Assignment> Because the entries hold pictures, reproduce only their words, exactly as written.

(Recorded data)

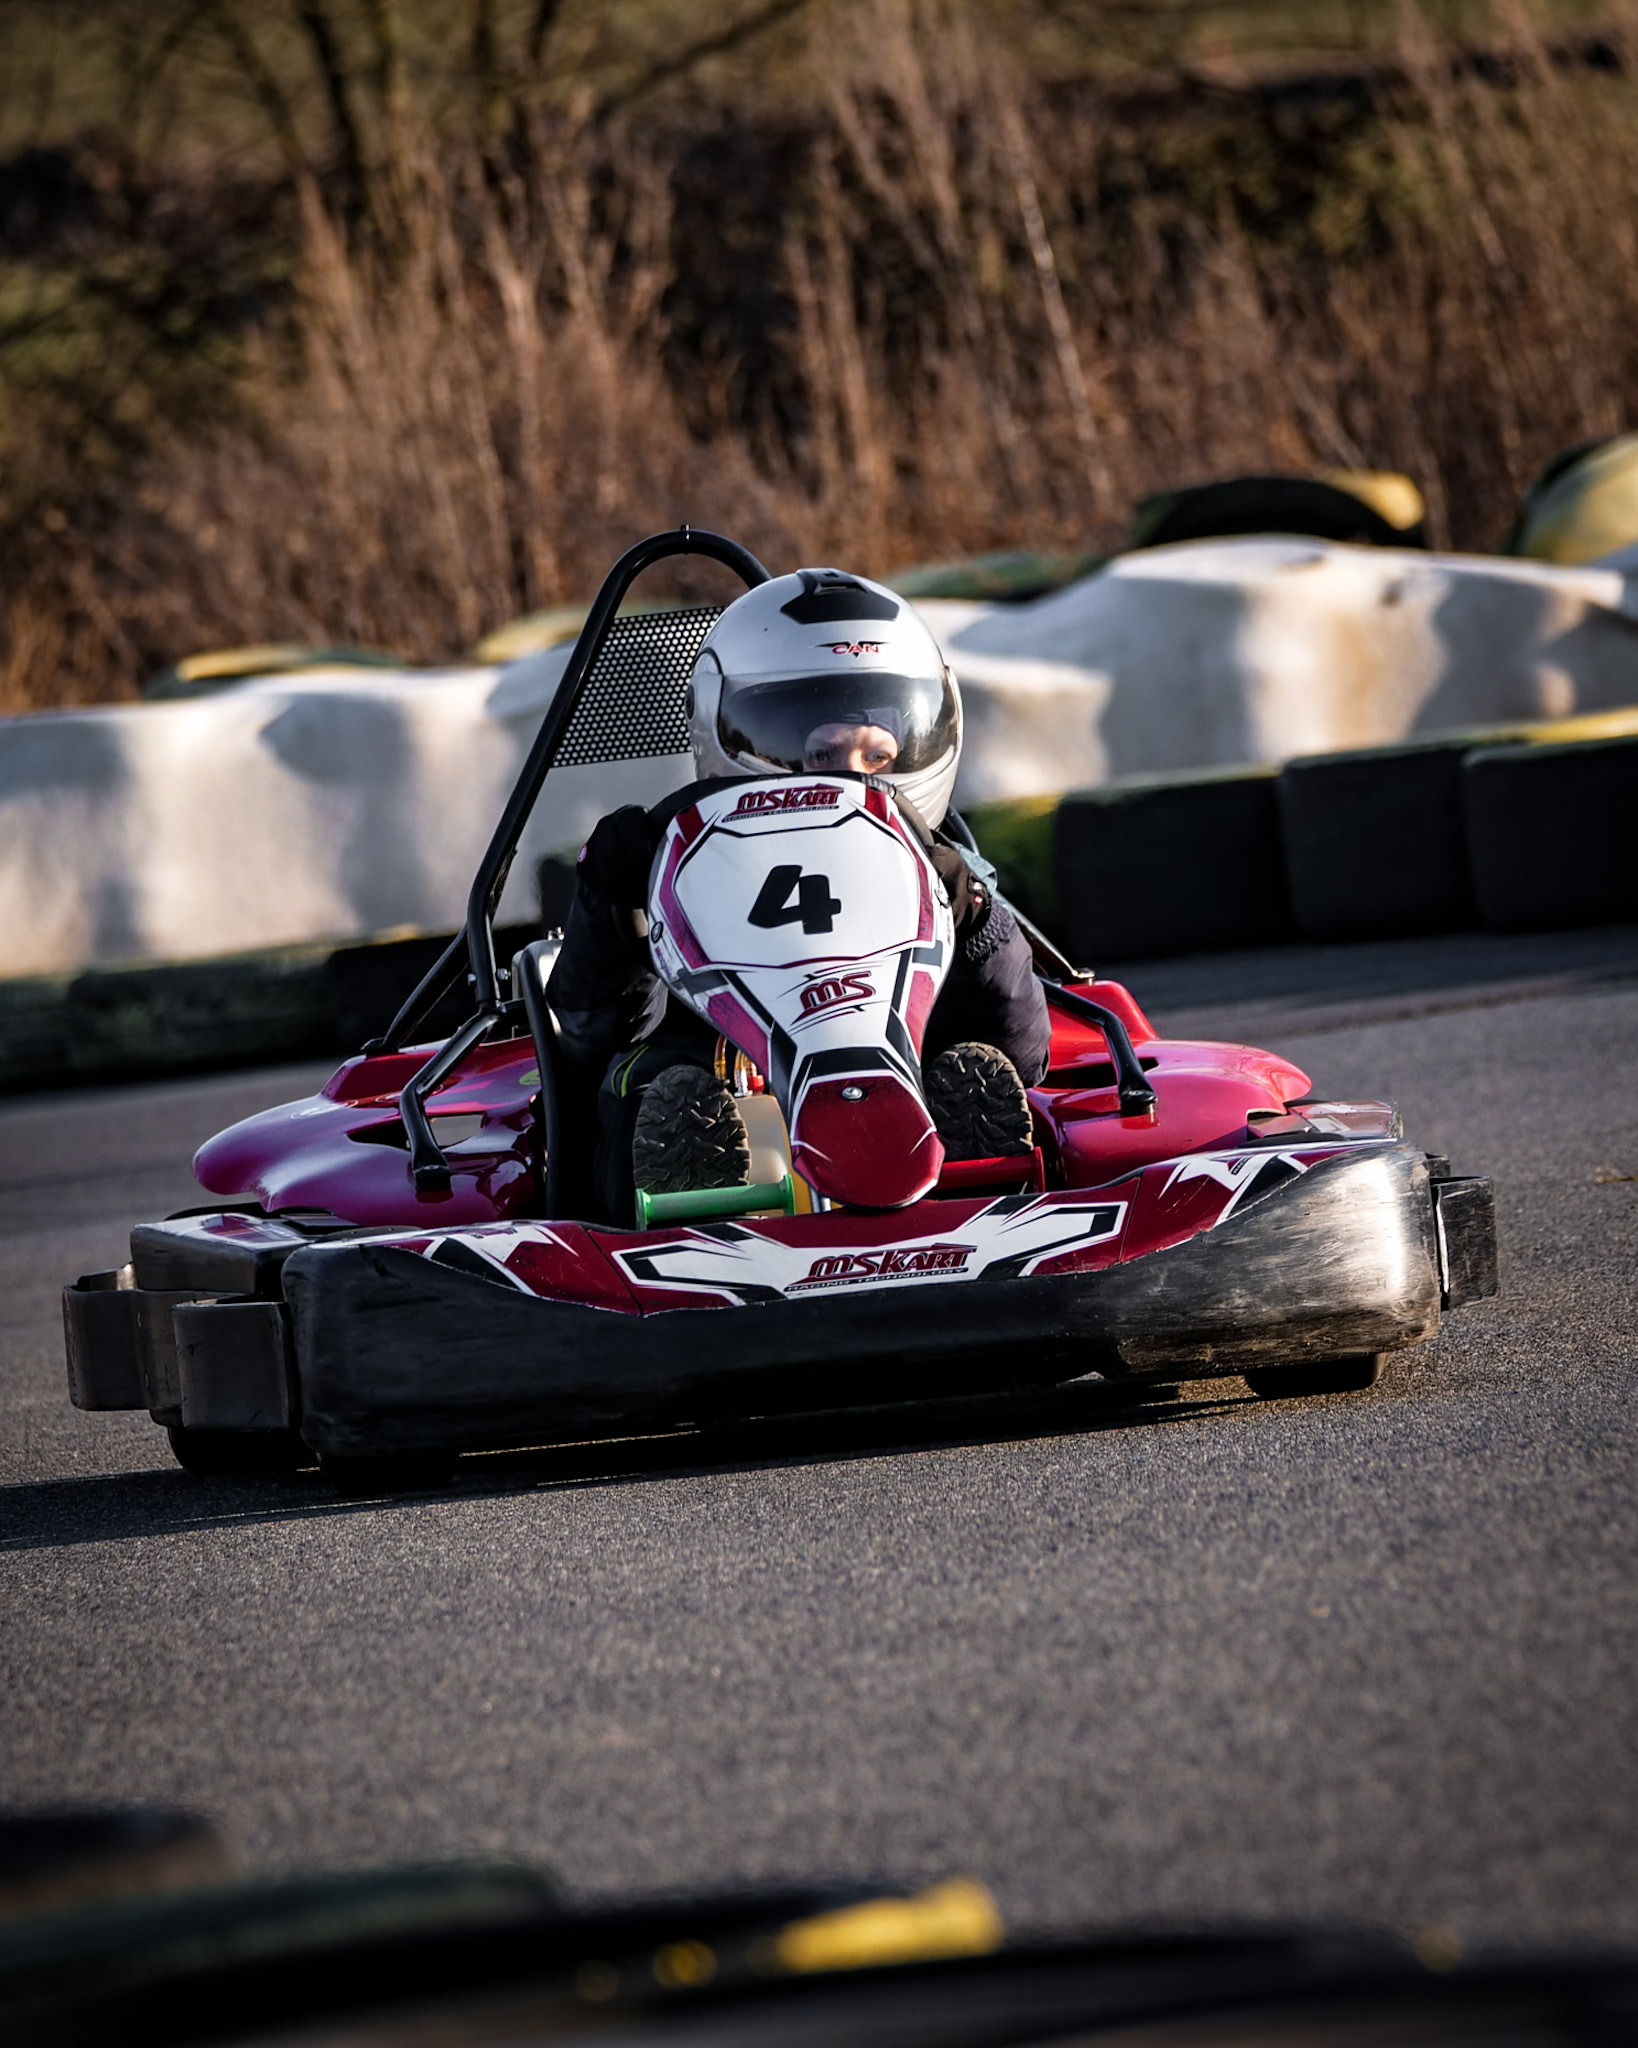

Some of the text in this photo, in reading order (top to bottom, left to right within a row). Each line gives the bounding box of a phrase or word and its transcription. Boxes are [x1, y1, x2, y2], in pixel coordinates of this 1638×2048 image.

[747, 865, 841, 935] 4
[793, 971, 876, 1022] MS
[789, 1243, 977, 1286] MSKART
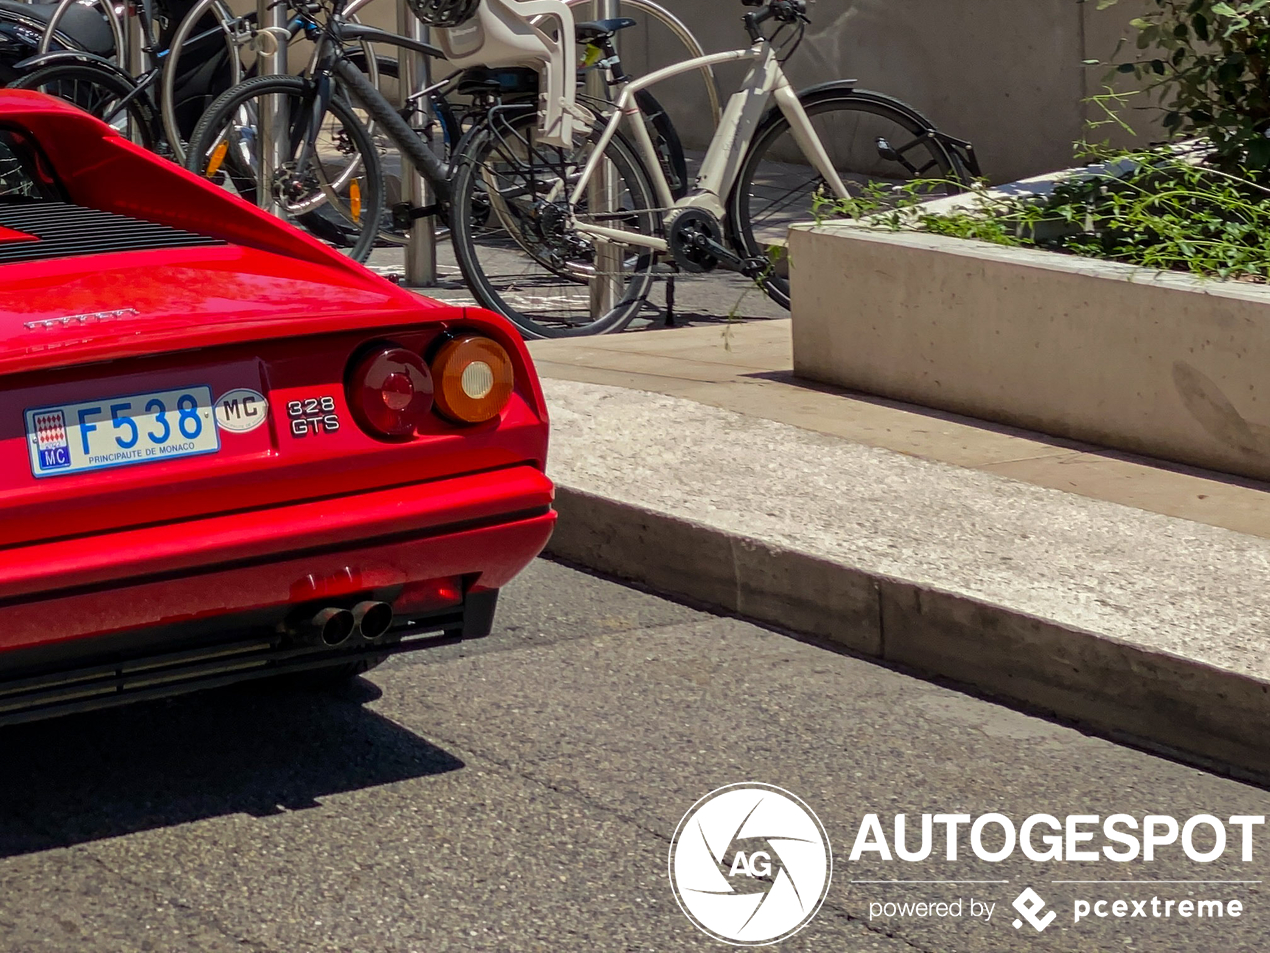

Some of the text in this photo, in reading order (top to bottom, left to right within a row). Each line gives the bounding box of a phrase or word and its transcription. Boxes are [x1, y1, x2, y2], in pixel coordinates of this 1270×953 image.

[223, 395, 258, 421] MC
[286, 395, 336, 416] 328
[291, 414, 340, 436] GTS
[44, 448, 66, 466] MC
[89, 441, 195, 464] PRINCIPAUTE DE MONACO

(End Recorded data)

Task response>
Some of the text in this photo, in reading order (top to bottom, left to right within a row). Each line gives the bounding box of a phrase or word and its transcription. Boxes are [x1, y1, x2, y2], in pixel coordinates of this 1638×2048 image.

[747, 865, 841, 935] 4
[793, 971, 876, 1022] MS
[789, 1243, 977, 1286] MSKART

Some of the text in this photo, in reading order (top to bottom, left to right within a row). Each line gives the bounding box of a phrase or word and its transcription. Boxes are [x1, y1, x2, y2], in pixel coordinates of this 1270×953 image.

[223, 395, 258, 421] MC
[286, 395, 336, 416] 328
[291, 414, 340, 436] GTS
[44, 448, 66, 466] MC
[89, 441, 195, 464] PRINCIPAUTE DE MONACO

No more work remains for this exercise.